Mohammad Behzad Fatmi
Mohammad Behzad FatmiMar 06, 2016 | 13:47

Turkish president Erdogan's policy of castrating media alarming

In a shameful move, the Justice and Development Party (AKP)-led Turkish government seized control of the media group which owns the most circulated newspaper in the country.

The Feza Media Group, which owns the largely-circulated Zaman and Today's Zaman newspapers and the Cihan News Agency, was one of the few critical media groups remaining in the country and had shown the courage of standing tall in the face of unprecedented government pressure and threat.


Although confiscating a media group is not new in the history of AKP rule in Turkey, the takeover of the Zaman newspaper' is an alarming blow to people's right to gain authentic and uncensored information in the country. Among all the print and electronic media available to Turkish readers and viewers, over 90 per cent are ardently pro-government.

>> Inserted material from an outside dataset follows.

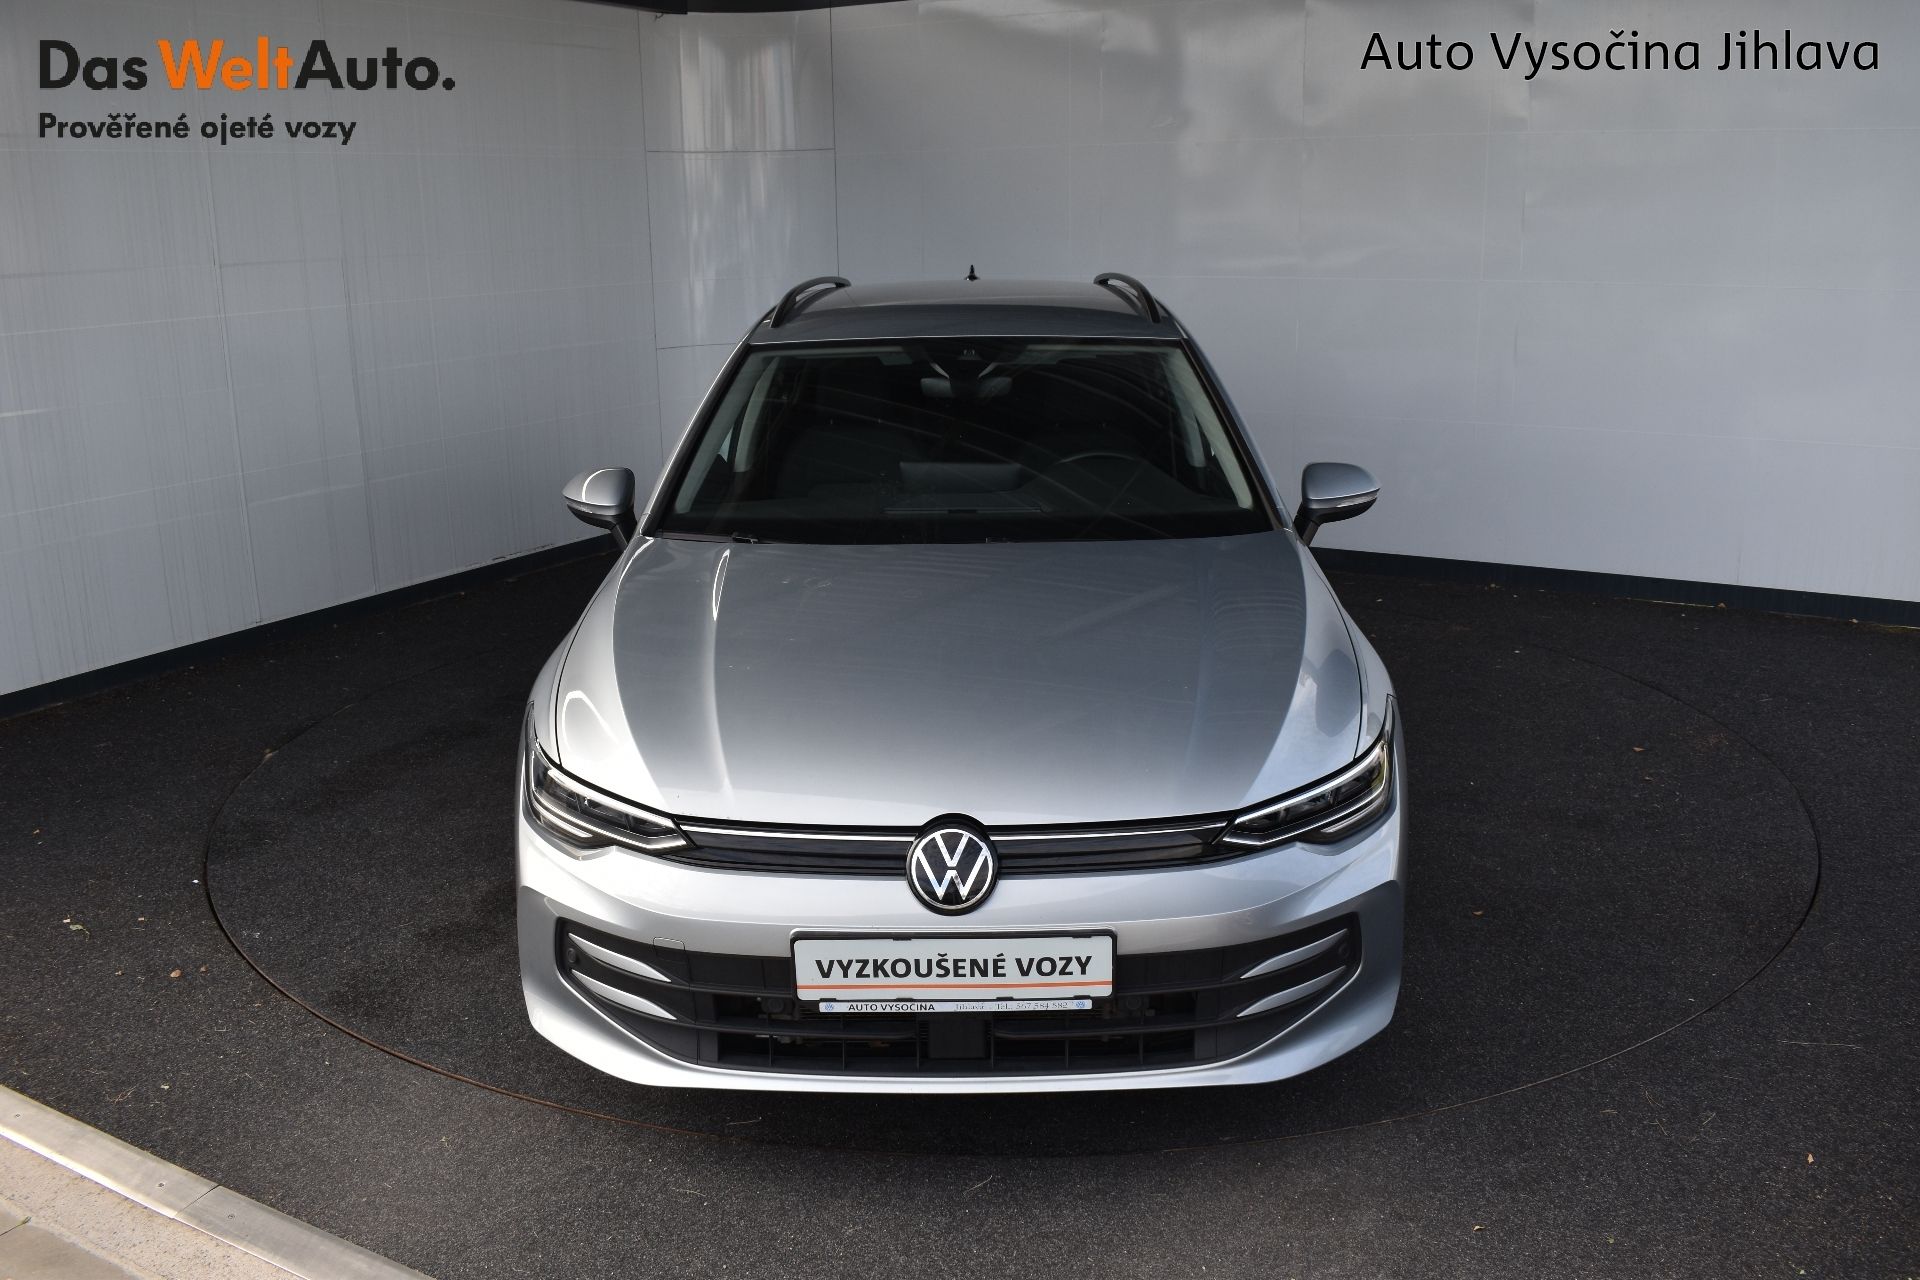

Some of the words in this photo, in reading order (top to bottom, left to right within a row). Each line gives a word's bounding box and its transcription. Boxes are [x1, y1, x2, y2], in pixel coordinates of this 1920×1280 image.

The Zaman newspaper and its sister English daily Today's Zaman were literally the last mainstream publications with large-scale readership which did not toe the government's line. Now since they have been taken over, the only information that citizens in Turkey are likely to get from their mainstream national media will be what the ruling AKP wants them to know.

This is a dire state of affairs for any country and highlights the complete collapse of democracy there.

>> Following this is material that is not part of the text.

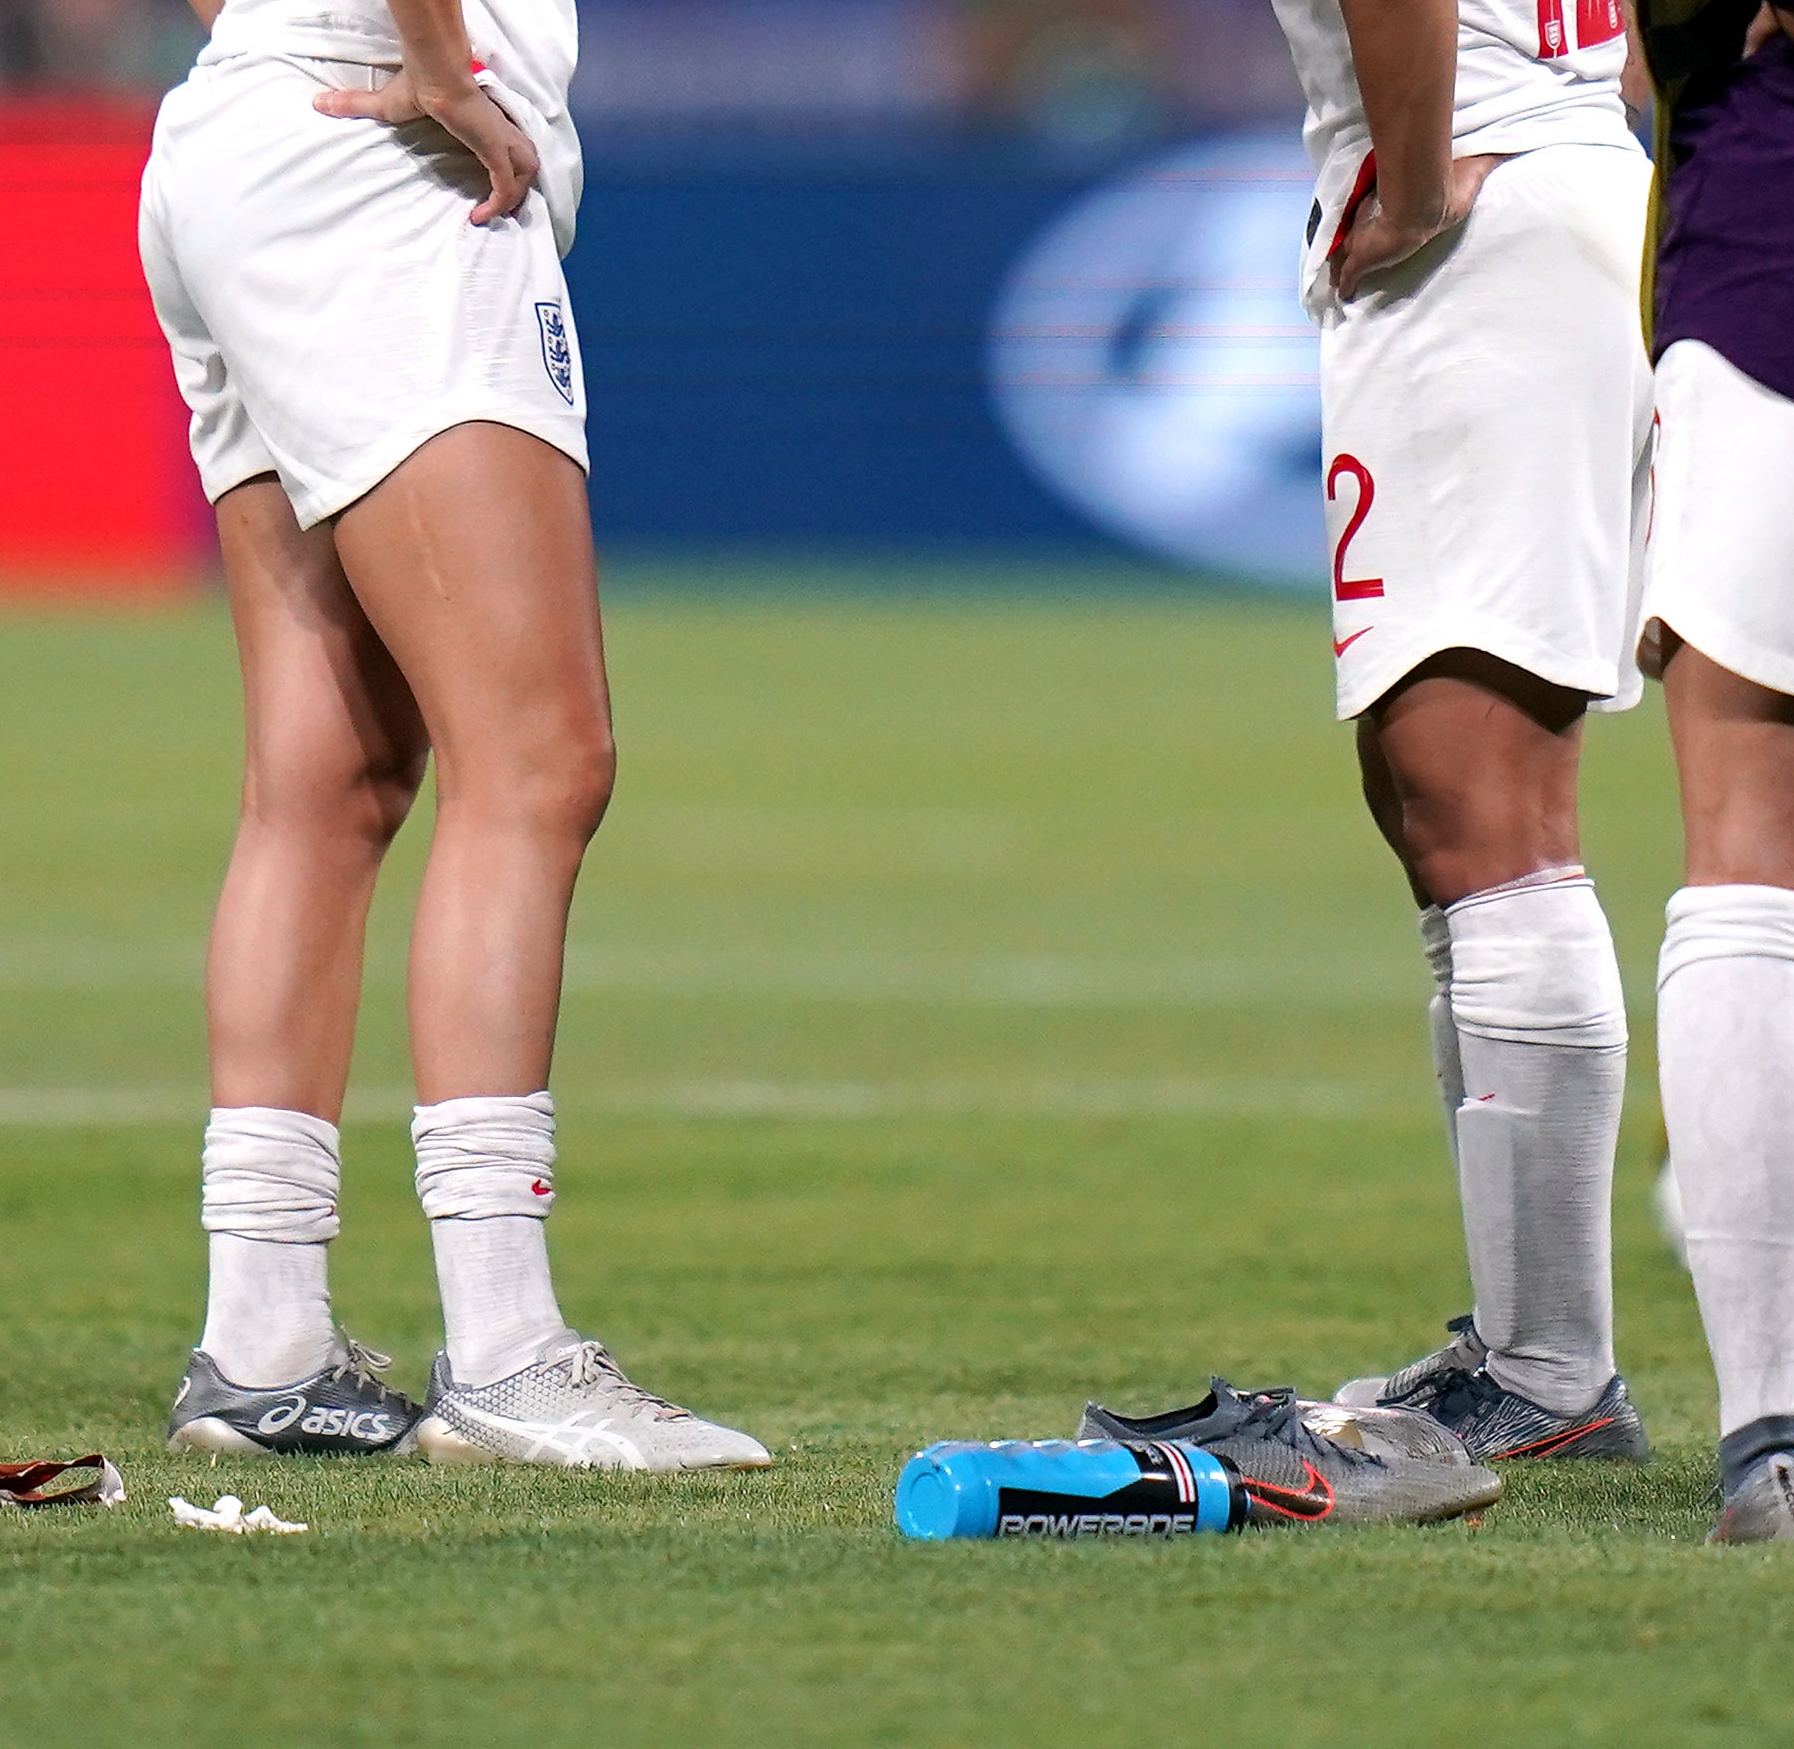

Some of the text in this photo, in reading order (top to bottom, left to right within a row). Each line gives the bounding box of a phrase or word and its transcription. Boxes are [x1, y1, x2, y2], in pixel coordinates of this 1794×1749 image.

[1327, 453, 1385, 602] 2
[301, 1406, 393, 1443] asics
[998, 1514, 1195, 1537] POWERADE

Turkish president Recep Tayyip Erdogan, who harbours the ambition of becoming an "all-powerful" president, has shown utter intolerance towards critical media and blatantly disregarded the rule of law. The pro-government Turkish media has long been engaging in propaganda to shape public opinion in favour of Erdogan's dictatorial plans.

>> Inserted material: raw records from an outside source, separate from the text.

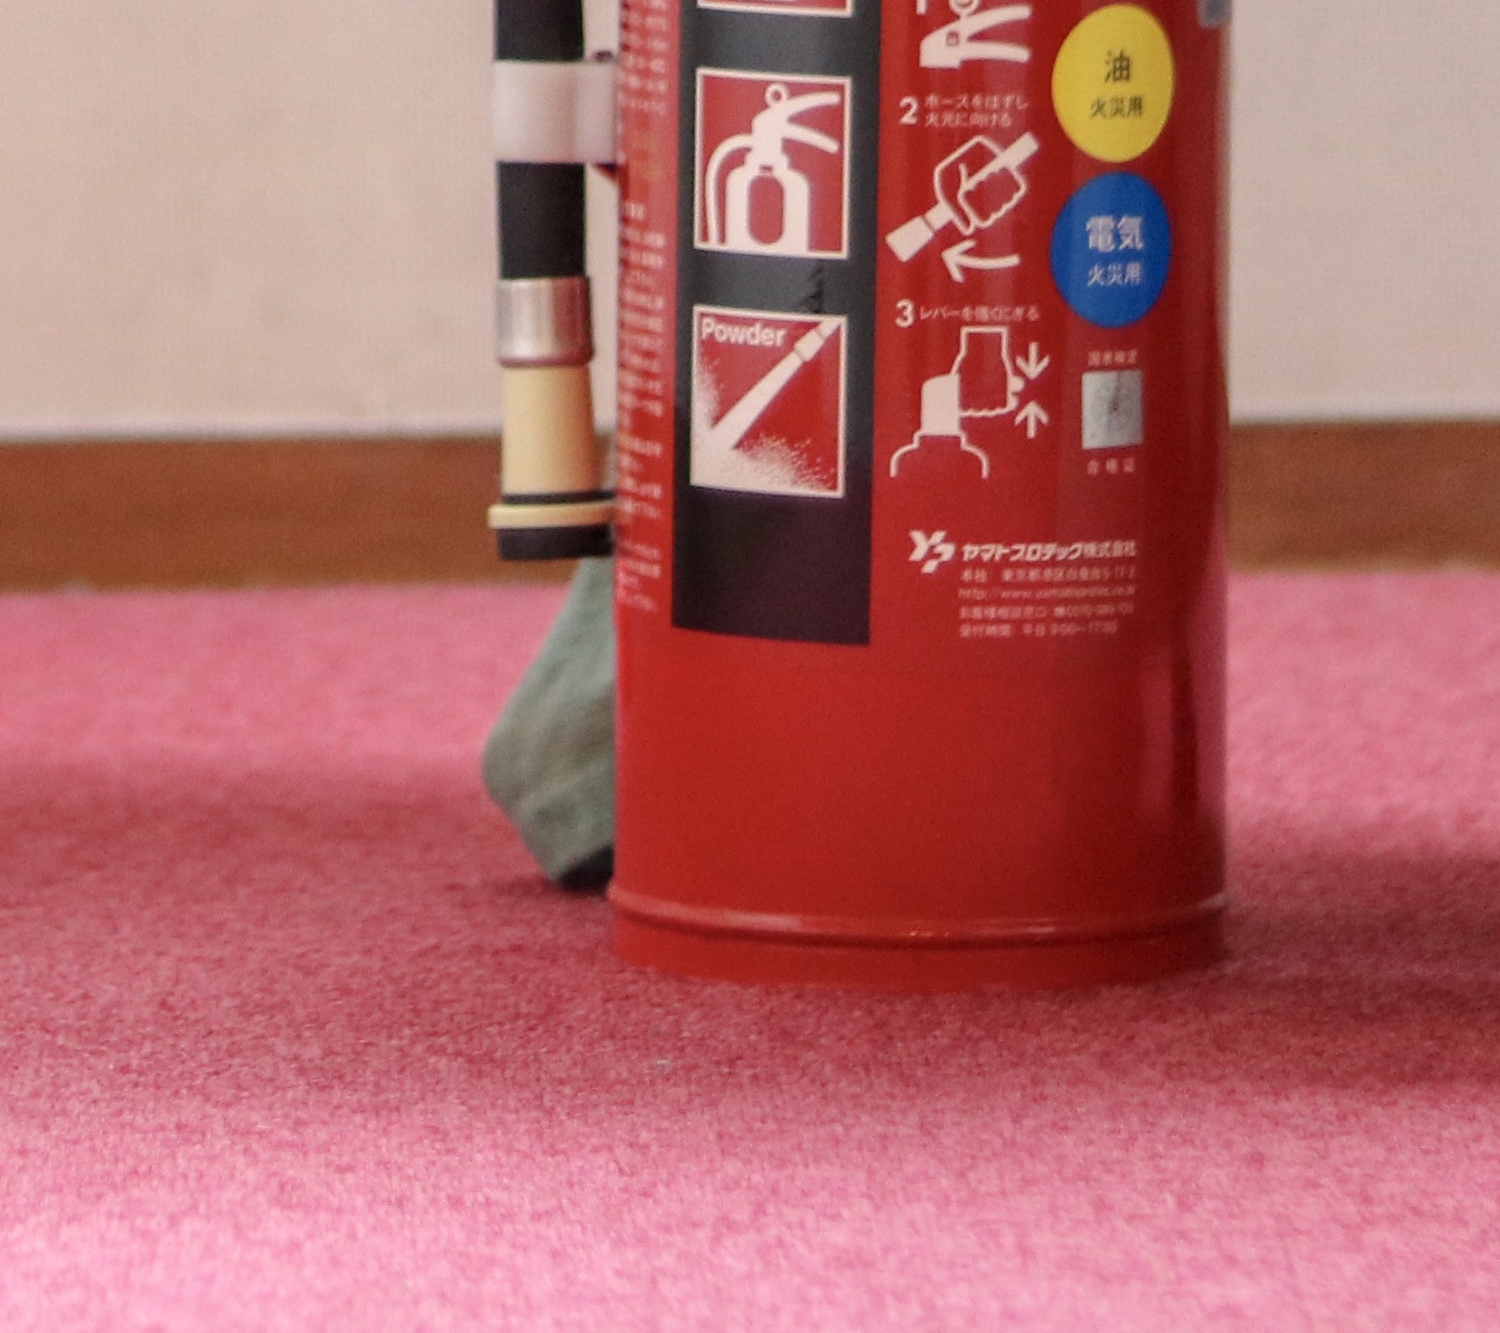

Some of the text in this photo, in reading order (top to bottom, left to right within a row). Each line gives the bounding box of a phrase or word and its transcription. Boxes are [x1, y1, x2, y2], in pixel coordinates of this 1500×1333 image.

[1105, 50, 1131, 83] 油
[899, 96, 919, 125] 2
[1090, 95, 1144, 118] 火災用
[1085, 215, 1144, 252] 電気
[1087, 262, 1142, 288] 火災用
[895, 298, 915, 328] 3
[702, 318, 787, 348] Powder

Though they have been successful in ensuring successive electoral victories for Erdogan and his party, the president's ambition of becoming all-powerful, requires constitutional amendments to fructify, and it has not gained takers among the masses yet.

Turkey is officially a parliamentary democracy and the president has limited authority. Erdogan who became president in 2014 after serving as prime minister since 2003 wants to amend the constitution and give himself the executive powers he currently does not have.

However, it is not factually incorrect that Erdogan has already been exercising executive powers despite the restrictions in the constitution. All he is desperate about now is to legitimise what he has already been doing.

He sees critical media as a significant hindrance to his ambitions as it counters the pro-government media's narrative and offers an alternative view, which ultimately helps prevent the shaping of popular opinion in his favour.

Time will tell if Erdogan will succeed or not in becoming a constitutionally protected dictator of Turkey, but even without becoming so he has destroyed crucial public institutions that serve as conscience of the society.